_Problem_
At the line containing "this 2000×1600 image.", start repeating the entries exactly, and continue through the last line.

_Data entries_

┄┄┄┄┄┄┄┄┄┄

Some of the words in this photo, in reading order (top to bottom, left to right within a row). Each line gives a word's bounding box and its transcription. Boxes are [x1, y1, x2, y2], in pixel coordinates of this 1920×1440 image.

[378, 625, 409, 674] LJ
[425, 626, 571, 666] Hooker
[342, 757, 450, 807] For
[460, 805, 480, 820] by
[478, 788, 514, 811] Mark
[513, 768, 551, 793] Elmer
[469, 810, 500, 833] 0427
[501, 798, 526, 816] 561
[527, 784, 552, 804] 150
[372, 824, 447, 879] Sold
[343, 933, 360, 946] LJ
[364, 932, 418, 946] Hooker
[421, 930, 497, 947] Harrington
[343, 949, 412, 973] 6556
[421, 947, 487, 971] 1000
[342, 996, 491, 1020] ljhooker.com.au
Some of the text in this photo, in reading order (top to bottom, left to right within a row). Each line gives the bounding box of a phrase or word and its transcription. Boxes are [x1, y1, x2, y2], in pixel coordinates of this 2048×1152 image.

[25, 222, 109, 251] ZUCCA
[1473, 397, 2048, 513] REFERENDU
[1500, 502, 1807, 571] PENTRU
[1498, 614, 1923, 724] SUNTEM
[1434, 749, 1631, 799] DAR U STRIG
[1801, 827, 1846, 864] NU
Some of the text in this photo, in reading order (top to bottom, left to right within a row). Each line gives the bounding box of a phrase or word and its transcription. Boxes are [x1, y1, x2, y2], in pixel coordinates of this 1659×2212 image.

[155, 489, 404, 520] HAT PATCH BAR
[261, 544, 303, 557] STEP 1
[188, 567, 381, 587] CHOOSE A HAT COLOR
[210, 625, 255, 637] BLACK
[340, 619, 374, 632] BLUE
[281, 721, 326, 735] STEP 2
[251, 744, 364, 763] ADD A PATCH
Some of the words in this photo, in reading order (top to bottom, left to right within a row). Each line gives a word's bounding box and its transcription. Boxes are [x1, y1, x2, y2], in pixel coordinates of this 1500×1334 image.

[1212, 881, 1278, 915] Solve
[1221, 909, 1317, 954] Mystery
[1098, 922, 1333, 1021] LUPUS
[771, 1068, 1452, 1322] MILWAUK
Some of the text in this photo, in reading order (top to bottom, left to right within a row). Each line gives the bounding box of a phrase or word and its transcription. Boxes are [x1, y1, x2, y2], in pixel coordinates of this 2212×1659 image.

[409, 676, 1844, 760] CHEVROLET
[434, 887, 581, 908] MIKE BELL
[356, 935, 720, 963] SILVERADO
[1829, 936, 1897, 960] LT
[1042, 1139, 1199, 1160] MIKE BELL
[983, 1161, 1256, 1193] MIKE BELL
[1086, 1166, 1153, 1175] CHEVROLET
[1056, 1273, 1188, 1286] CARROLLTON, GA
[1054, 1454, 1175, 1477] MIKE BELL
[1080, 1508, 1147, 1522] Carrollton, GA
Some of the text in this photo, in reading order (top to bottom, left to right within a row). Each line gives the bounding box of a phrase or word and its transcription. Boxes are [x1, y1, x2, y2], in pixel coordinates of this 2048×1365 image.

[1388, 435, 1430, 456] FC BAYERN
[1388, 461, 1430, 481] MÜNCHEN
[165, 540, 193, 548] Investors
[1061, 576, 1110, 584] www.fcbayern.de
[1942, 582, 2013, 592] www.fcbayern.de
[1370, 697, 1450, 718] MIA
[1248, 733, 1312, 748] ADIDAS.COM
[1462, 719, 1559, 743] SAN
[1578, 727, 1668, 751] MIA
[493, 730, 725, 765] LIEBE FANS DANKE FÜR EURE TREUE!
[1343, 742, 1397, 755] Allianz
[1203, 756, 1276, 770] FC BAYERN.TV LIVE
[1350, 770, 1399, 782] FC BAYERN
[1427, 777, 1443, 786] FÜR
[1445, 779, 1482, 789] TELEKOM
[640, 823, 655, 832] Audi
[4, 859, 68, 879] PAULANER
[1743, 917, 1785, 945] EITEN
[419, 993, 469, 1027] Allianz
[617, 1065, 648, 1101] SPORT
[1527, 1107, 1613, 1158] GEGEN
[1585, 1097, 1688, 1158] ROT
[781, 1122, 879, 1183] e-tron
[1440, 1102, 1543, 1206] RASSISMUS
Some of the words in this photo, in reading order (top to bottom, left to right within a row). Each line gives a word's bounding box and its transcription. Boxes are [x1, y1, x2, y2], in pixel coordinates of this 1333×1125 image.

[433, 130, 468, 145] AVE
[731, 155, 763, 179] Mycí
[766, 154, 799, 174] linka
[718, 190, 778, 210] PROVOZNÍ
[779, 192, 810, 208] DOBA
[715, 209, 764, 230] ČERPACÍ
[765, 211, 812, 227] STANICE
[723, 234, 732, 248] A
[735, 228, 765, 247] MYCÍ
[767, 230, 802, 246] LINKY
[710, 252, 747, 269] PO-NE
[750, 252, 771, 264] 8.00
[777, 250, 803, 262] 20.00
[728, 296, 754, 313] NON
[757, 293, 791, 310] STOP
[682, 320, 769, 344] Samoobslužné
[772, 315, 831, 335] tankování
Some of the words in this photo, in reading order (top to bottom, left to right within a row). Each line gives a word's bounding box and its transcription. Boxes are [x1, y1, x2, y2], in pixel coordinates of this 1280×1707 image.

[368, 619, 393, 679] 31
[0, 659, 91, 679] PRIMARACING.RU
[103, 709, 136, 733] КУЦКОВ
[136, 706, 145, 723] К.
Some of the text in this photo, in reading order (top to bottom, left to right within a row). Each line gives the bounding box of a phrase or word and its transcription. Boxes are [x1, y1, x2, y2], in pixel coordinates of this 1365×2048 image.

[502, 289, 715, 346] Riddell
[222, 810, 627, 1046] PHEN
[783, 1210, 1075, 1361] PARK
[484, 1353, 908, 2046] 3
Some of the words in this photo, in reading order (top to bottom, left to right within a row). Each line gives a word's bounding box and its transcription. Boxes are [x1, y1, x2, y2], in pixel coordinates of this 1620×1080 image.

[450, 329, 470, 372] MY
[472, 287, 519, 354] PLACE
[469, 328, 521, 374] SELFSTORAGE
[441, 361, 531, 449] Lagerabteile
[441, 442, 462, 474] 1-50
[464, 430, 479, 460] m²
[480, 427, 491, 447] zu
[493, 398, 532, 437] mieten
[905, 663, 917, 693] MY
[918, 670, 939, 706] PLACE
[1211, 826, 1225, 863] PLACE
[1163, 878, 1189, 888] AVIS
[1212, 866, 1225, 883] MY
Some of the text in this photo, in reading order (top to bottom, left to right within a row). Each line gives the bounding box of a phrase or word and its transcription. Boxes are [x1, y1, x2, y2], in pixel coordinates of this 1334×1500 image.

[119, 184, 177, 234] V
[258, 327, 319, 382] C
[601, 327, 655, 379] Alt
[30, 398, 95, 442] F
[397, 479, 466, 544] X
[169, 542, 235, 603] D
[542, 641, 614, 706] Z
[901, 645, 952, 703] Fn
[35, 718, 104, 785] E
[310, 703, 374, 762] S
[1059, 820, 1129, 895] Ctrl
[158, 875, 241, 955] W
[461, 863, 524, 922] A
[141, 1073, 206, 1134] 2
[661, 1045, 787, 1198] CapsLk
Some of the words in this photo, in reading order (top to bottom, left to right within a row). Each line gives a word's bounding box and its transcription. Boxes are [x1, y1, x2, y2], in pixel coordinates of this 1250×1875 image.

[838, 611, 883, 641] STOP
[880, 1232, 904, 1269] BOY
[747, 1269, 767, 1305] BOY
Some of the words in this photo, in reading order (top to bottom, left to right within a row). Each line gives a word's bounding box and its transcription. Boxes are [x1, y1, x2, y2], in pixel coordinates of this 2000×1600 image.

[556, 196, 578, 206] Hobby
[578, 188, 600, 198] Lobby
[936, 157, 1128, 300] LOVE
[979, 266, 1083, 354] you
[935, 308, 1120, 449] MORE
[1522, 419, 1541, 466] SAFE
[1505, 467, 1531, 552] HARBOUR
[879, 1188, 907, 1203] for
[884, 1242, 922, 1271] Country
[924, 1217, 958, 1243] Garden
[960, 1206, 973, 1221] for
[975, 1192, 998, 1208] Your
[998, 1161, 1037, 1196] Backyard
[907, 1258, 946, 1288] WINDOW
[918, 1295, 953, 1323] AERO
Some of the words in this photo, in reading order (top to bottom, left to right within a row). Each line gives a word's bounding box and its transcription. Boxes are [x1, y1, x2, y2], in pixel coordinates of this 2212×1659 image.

┄┄┄┄┄┄┄┄┄┄

_Task answer_
Some of the words in this photo, in reading order (top to bottom, left to right within a row). Each line gives a word's bounding box and its transcription. Boxes are [x1, y1, x2, y2], in pixel coordinates of this 2000×1600 image.

[556, 196, 578, 206] Hobby
[578, 188, 600, 198] Lobby
[936, 157, 1128, 300] LOVE
[979, 266, 1083, 354] you
[935, 308, 1120, 449] MORE
[1522, 419, 1541, 466] SAFE
[1505, 467, 1531, 552] HARBOUR
[879, 1188, 907, 1203] for
[884, 1242, 922, 1271] Country
[924, 1217, 958, 1243] Garden
[960, 1206, 973, 1221] for
[975, 1192, 998, 1208] Your
[998, 1161, 1037, 1196] Backyard
[907, 1258, 946, 1288] WINDOW
[918, 1295, 953, 1323] AERO
Some of the words in this photo, in reading order (top to bottom, left to right within a row). Each line gives a word's bounding box and its transcription. Boxes are [x1, y1, x2, y2], in pixel coordinates of this 2212×1659 image.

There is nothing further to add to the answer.